There are four early prose versions of the Consolatio, all in unique MSS, all in peripheral dialects; and all written before or just after the appearance of Jean de Meun's popular prose version. The earliest of these translations, in a Vienna MS, is a reproduction in Burgundian dialect of a standard medieval Latin text of the Consolatio, in that it consists of a biographical prologue, a translated text interspersed with glosses from the twelfth century commentary of William of Conches, some narrative supplements drawn from the Vatican Mythographies, and a 20-page gloss appended to Book III, meter 9. This long gloss is a translation of all that of the Christianizing commentary on the Consolatio written by Bishop Adalbold of Utrecht around the year 1000. Although this earliest translation represents a very accurate vernacular reproduction of its standard Latin counterpart, two other of these first prose versions seem to be amateur imitations of this Latin form with interpolations that go far beyond anything attempted in their scholastic models.

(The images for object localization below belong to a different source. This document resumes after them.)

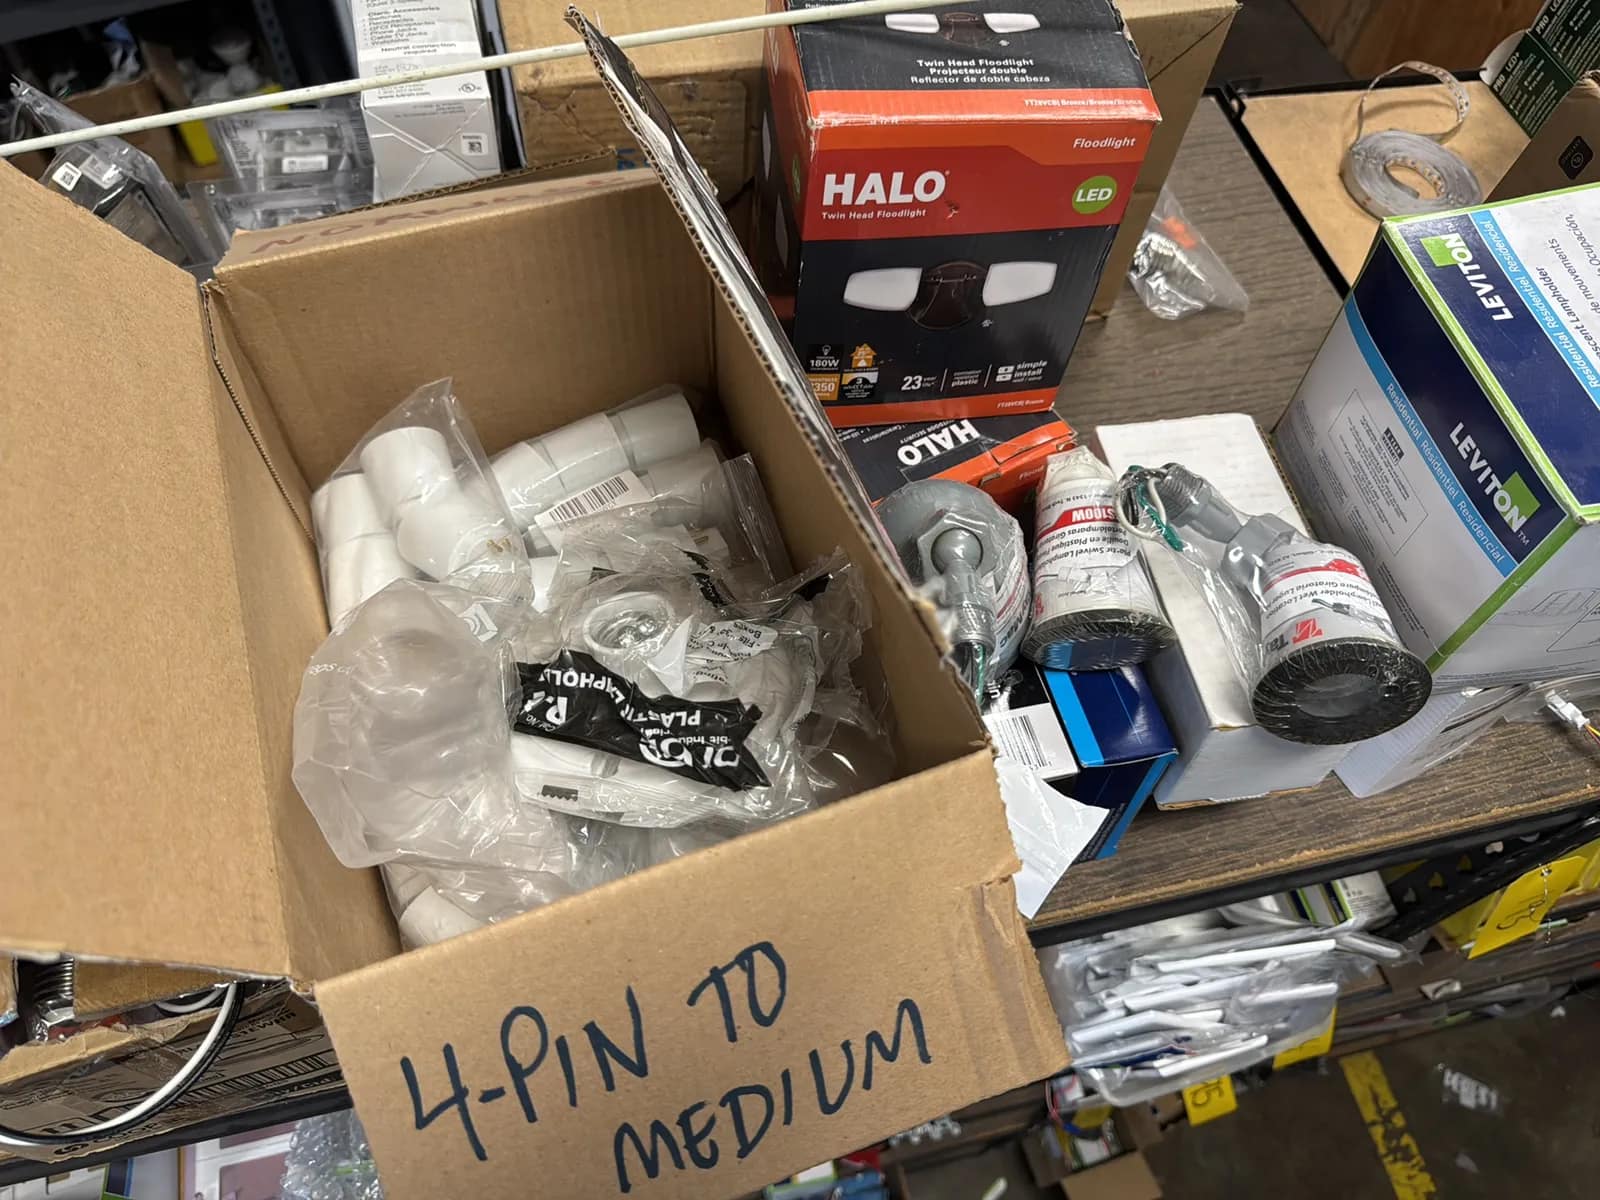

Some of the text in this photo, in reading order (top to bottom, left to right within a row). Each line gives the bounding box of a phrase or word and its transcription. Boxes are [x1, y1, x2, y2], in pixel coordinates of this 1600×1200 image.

[916, 57, 1034, 67] Twin Head Floodlight
[910, 74, 1050, 84] Reflector de doble cabeza
[929, 66, 1027, 76] Projecteur double
[1072, 136, 1137, 149] Floodlight
[821, 170, 946, 206] HALO
[1074, 187, 1114, 204] LED
[821, 208, 927, 221] Twin Head Floodlight
[1440, 232, 1514, 321] LEVITON
[1548, 238, 1594, 301] mouvements
[1479, 219, 1600, 389] Residential Résidentiel Residencial
[1535, 266, 1580, 328] Lampholder
[809, 359, 840, 368] 180W
[1016, 360, 1048, 370] simple
[1013, 367, 1043, 378] install
[901, 375, 922, 391] 23
[951, 379, 979, 387] plastic
[897, 419, 981, 466] HALO
[900, 426, 930, 444] SECURITY
[1386, 383, 1423, 441] Residential
[1420, 439, 1459, 500] Résidentiel
[1456, 500, 1505, 563] Residencial
[1449, 421, 1528, 534] LEVITON
[1075, 546, 1105, 557] Swivel
[1299, 589, 1319, 601] Wet
[400, 941, 788, 1162] 4-PIN TO
[613, 998, 932, 1194] MEDIUM

The version made by one Bonaventura da Demena, a Sicilian from the hinterland of Messina, has been variously called an imitation, a travesty, and a work attesting to "l’esprit persifleur et facetieux" of the fourteenth century, mostly on the basis of Bonaventura's homely retelling of the legend of Orpheus and Eurydice in Boethius' third book. Bonaventura makes a conspiracy of howling devils scare the wits out of little Olfeus, but this ghost-story effect is the artifact of a naive style; for all the evidence tends to show Bonaventura as a pious cleric, solicitous for the instruction of his flock, and so little conscious of the translator's servile path that he repairs Boethius' neglect of Christian doctrine by inserting into the text the Ten Commandments and other counsels of perfection from the New Testament.

Bonaventura's amateur compilation is paralleled by the amateur commentary inserted by Pierre de Paris in his prose translation made around 1305. Despite his name, Pierre seems to have come from the Dalmatian coast to the island of Cyprus, where he attempted to use his modest French, island Greek, and school Latin to translate Aristotle and the Psalter for the Hospitallers of St. John of Jerusalem. His version of the Consolatio is a work of aggressive ignorance, for he annotated all but a few of the philosophical niceties and rhetorical allusions in the Boethian text. To support his conclusions, however, he turned to no recognizable commentary but drew, rather, on his quite personal view of Aristotelianism and on folklore and hausmarchen. The point here is that medieval translators like Bonaventura and Pierre were merely imitating the outward form of the scholastic texts, while resorting to their own popular resources for the medievalizing substance.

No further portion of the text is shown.